I Paesi Bassi, l'Italia, la Francia e la Spagna sono tra i dieci Paesi più colpiti dai maggiori costi di importazione di combustibili fossili causati dalle interruzioni in Medio Oriente, secondo un rapporto del Centre for research on energy and clean air (Crea).

Dei 170 Paesi analizzati, 134 hanno pagato il diesel più del previsto dai mercati prima della guerra, rivela il rapporto di Crea. L'Italia ha registrato costi aggiuntivi stimati in 12,7 miliardi di euro tra marzo e agosto 2026, seguita dai Paesi Bassi con 11,5 miliardi di euro, dalla Francia con 10,8 miliardi e dalla Spagna con 8,8 miliardi.

Insieme, queste quattro economie dell'Ue hanno assorbito quasi 41 miliardi di euro di costi extra per combustibili fossili, senza importare nuovi volumi di energia.

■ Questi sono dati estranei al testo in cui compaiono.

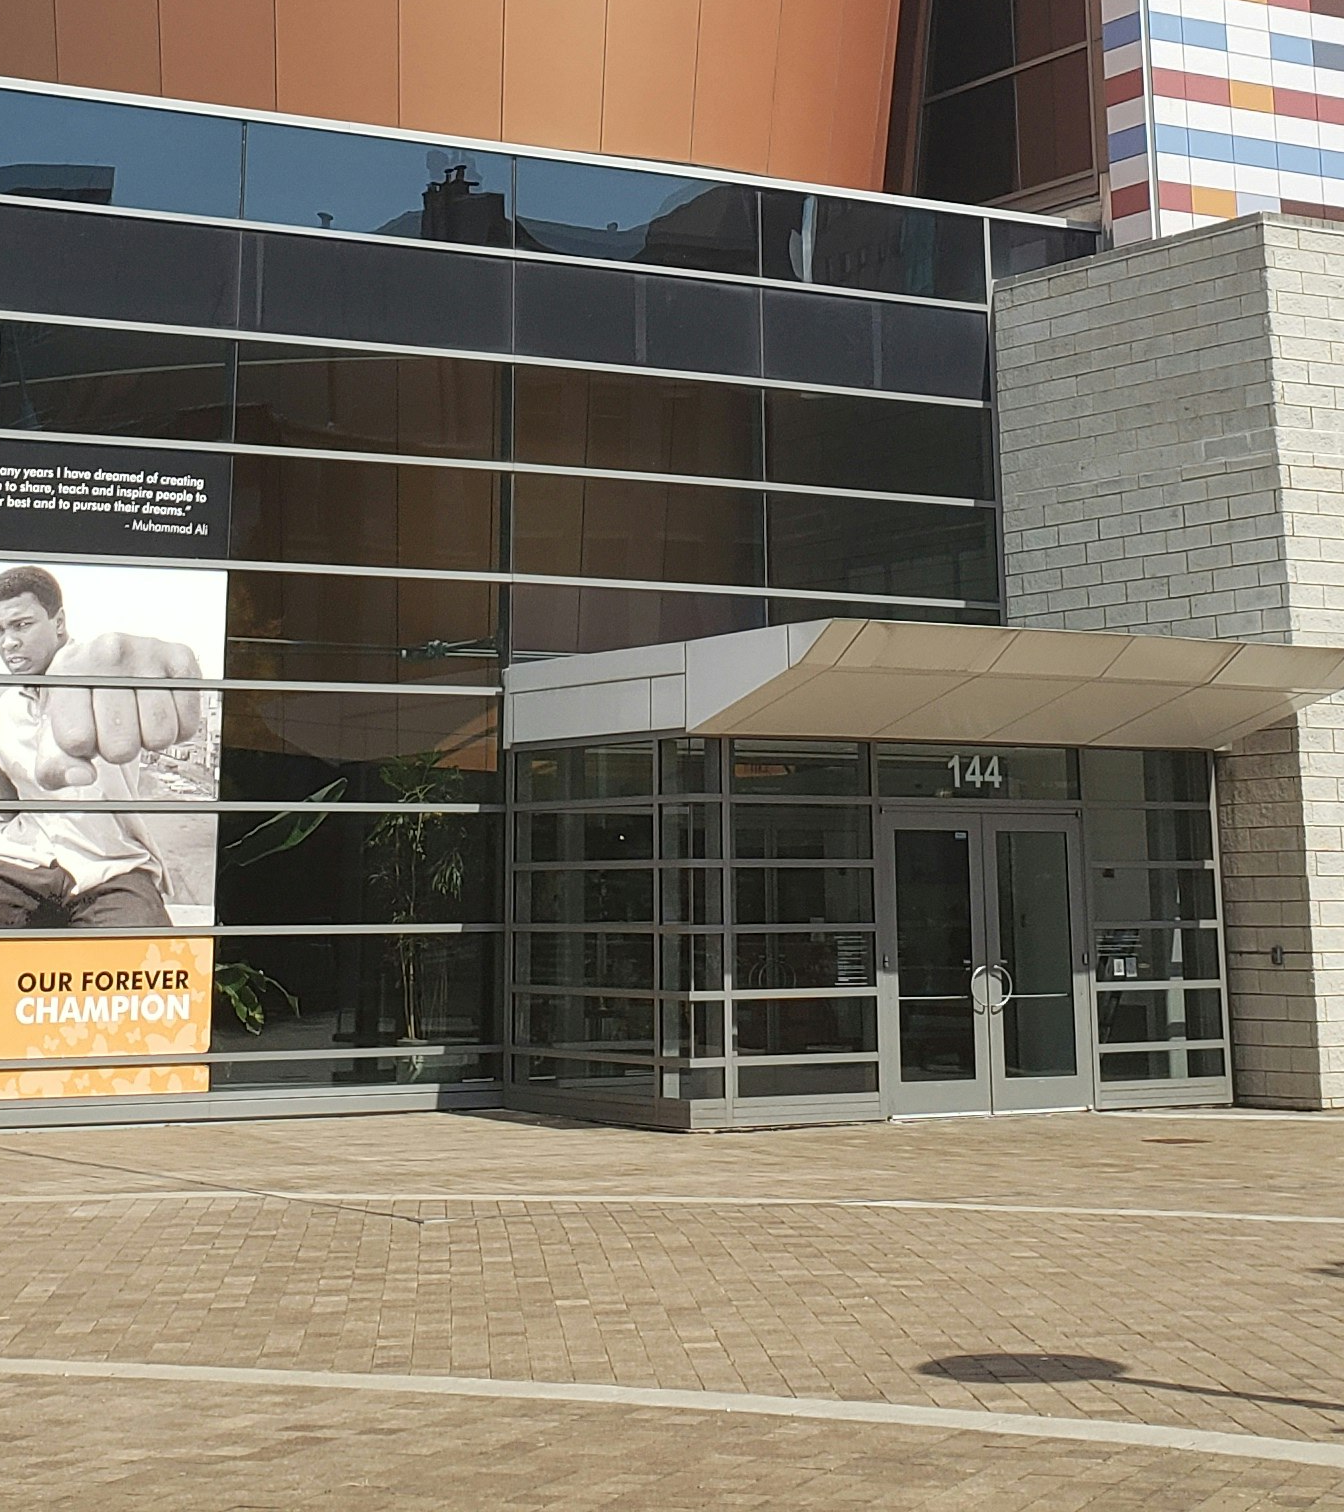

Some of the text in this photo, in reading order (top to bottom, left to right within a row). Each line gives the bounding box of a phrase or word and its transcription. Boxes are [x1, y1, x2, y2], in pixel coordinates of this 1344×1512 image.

Le cifre mettono in evidenza quanto le economie europee siano esposte ai prezzi globali di petrolio e gas, rivelando una crisi che ha aggiunto oltre 282 miliardi di euro alle bollette per l'importazione di combustibili fossili in tutto il mondo, con il solo petrolio che spiega 140 miliardi di questo aumento.

I prezzi del gas naturale liquefatto (Gnl) sono aumentati del 60 per cento nell'Atlantico e del 75 per cento nel Pacifico, mentre iprezzi di diesel e benzina sono balzati del 59 per cento da quando Stati Uniti e Israele hanno lanciato una guerra contro l'Iran il 28 febbraio.